# PROBLEM REQUIREMENTS
Give the line with "Some of the words" again, along with every line below it to the end of the records, word for word.

# RECORDED INFORMATION
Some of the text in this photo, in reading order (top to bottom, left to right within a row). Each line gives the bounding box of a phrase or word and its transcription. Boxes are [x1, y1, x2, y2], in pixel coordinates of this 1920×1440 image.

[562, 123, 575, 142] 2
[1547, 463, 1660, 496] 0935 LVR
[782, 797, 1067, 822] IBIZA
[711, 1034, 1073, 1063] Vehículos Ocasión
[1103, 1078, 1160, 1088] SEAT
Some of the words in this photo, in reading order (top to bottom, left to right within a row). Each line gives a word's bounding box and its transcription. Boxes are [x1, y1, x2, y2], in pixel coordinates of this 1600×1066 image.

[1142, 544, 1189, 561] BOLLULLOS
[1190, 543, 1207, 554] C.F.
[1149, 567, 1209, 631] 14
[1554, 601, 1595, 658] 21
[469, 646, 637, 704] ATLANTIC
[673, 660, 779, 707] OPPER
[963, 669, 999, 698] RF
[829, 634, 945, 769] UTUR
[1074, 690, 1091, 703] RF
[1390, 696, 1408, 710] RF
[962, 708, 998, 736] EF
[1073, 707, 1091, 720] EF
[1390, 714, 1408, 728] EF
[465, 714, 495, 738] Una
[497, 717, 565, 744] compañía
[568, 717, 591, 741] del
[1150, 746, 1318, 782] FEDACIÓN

# EXERCISE SOLUTION
Some of the words in this photo, in reading order (top to bottom, left to right within a row). Each line gives a word's bounding box and its transcription. Boxes are [x1, y1, x2, y2], in pixel coordinates of this 1600×1066 image.

[1142, 544, 1189, 561] BOLLULLOS
[1190, 543, 1207, 554] C.F.
[1149, 567, 1209, 631] 14
[1554, 601, 1595, 658] 21
[469, 646, 637, 704] ATLANTIC
[673, 660, 779, 707] OPPER
[963, 669, 999, 698] RF
[829, 634, 945, 769] UTUR
[1074, 690, 1091, 703] RF
[1390, 696, 1408, 710] RF
[962, 708, 998, 736] EF
[1073, 707, 1091, 720] EF
[1390, 714, 1408, 728] EF
[465, 714, 495, 738] Una
[497, 717, 565, 744] compañía
[568, 717, 591, 741] del
[1150, 746, 1318, 782] FEDACIÓN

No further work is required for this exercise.